[Records from a data collection]
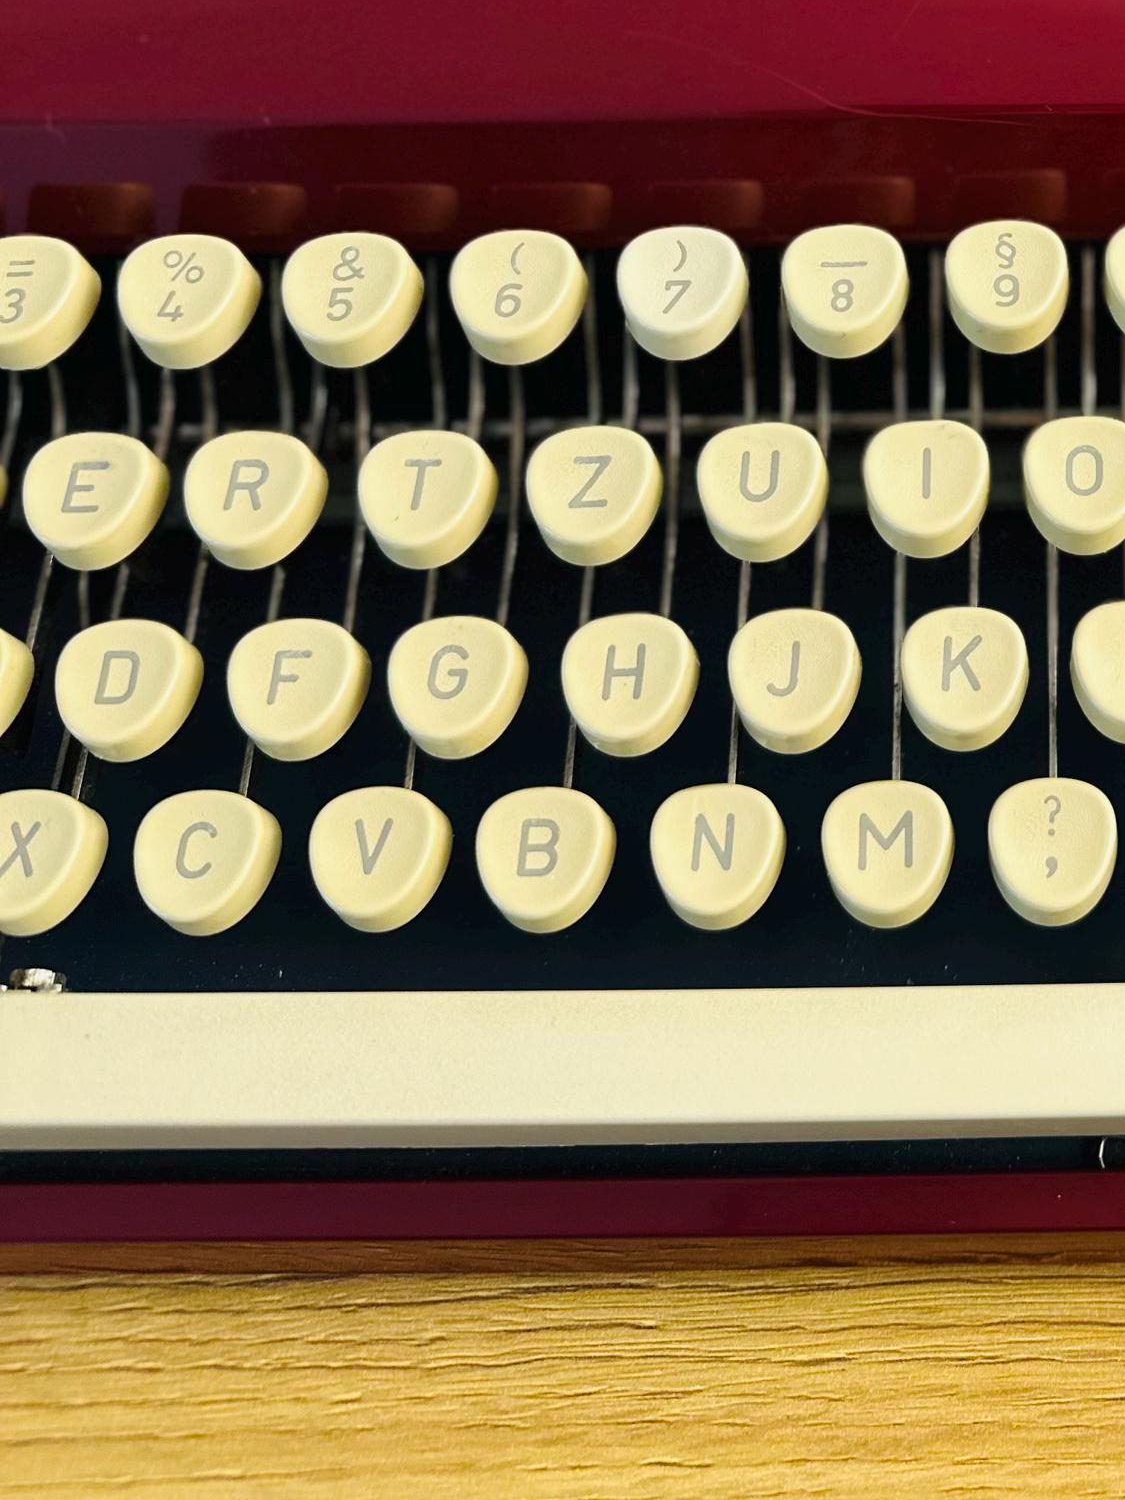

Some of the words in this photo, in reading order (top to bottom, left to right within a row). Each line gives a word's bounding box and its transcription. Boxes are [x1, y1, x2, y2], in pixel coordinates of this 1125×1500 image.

[0, 288, 26, 324] 3
[156, 290, 184, 323] 4
[326, 286, 354, 322] 5
[494, 283, 523, 318] 6
[662, 279, 692, 315] 7
[830, 278, 855, 313] 8
[993, 274, 1020, 308] 9
[60, 460, 111, 513] E
[223, 459, 270, 512] R
[404, 458, 443, 511] T
[567, 455, 612, 509] Z
[739, 449, 780, 503] U
[921, 447, 932, 500] I
[1065, 444, 1104, 497] O
[94, 650, 140, 705] D
[266, 650, 313, 706] F
[427, 644, 470, 700] G
[601, 643, 646, 701] H
[766, 640, 801, 698] J
[941, 634, 983, 692] K
[0, 821, 42, 878] X
[175, 821, 218, 879] C
[354, 817, 394, 876] V
[516, 818, 560, 877] B
[691, 812, 735, 872] N
[857, 809, 914, 871] M
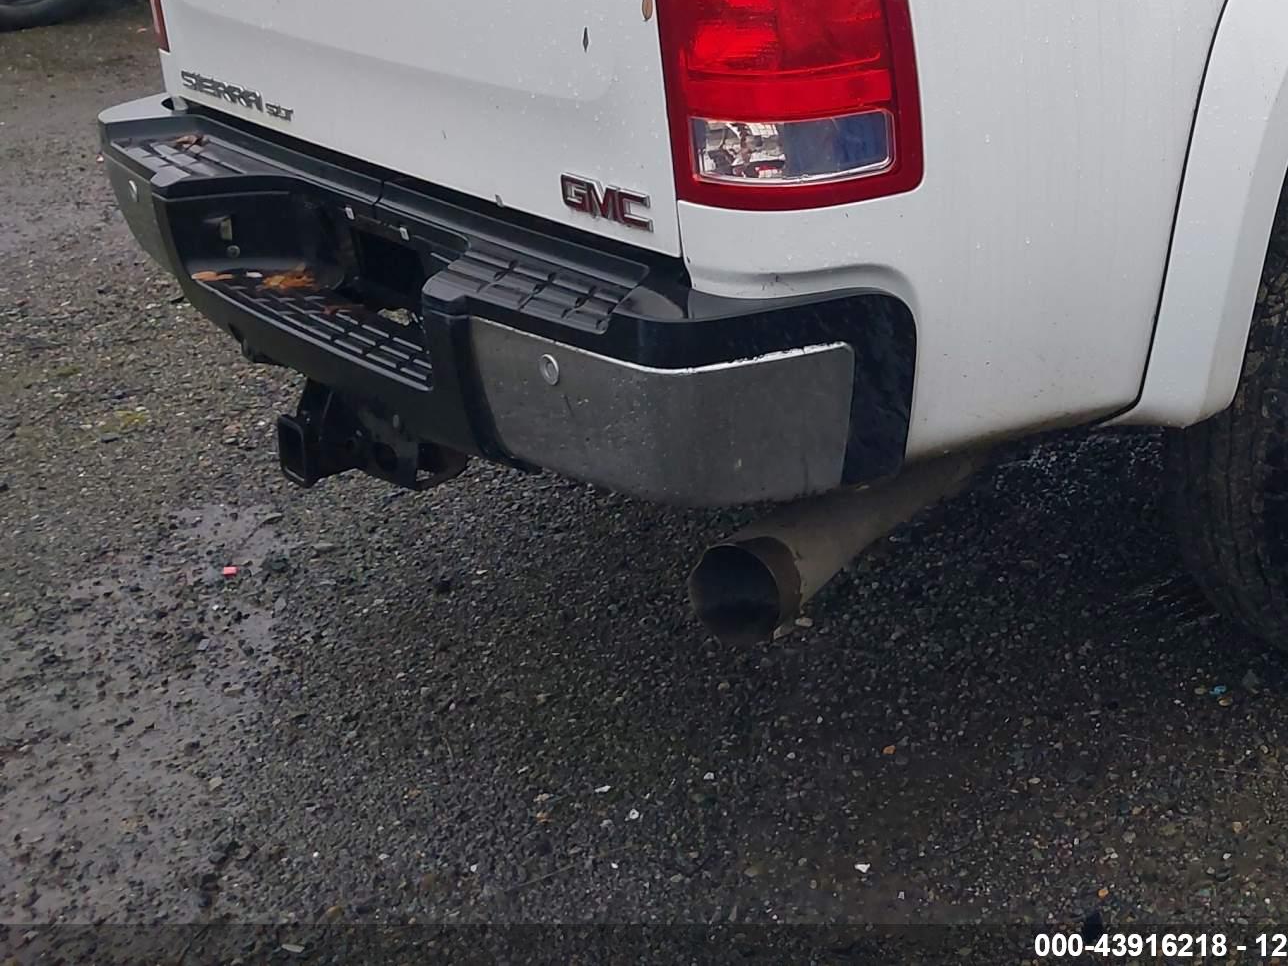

* **REQUIRED WORK**: All of the data above should be transcribed verbatim, with pictures omitted.

* **RESPONSE**:
Some of the words in this photo, in reading order (top to bottom, left to right within a row). Each line gives a word's bounding box and its transcription. Boxes are [x1, y1, x2, y2], in pixel coordinates of this 1125×1500 image.

[0, 288, 26, 324] 3
[156, 290, 184, 323] 4
[326, 286, 354, 322] 5
[494, 283, 523, 318] 6
[662, 279, 692, 315] 7
[830, 278, 855, 313] 8
[993, 274, 1020, 308] 9
[60, 460, 111, 513] E
[223, 459, 270, 512] R
[404, 458, 443, 511] T
[567, 455, 612, 509] Z
[739, 449, 780, 503] U
[921, 447, 932, 500] I
[1065, 444, 1104, 497] O
[94, 650, 140, 705] D
[266, 650, 313, 706] F
[427, 644, 470, 700] G
[601, 643, 646, 701] H
[766, 640, 801, 698] J
[941, 634, 983, 692] K
[0, 821, 42, 878] X
[175, 821, 218, 879] C
[354, 817, 394, 876] V
[516, 818, 560, 877] B
[691, 812, 735, 872] N
[857, 809, 914, 871] M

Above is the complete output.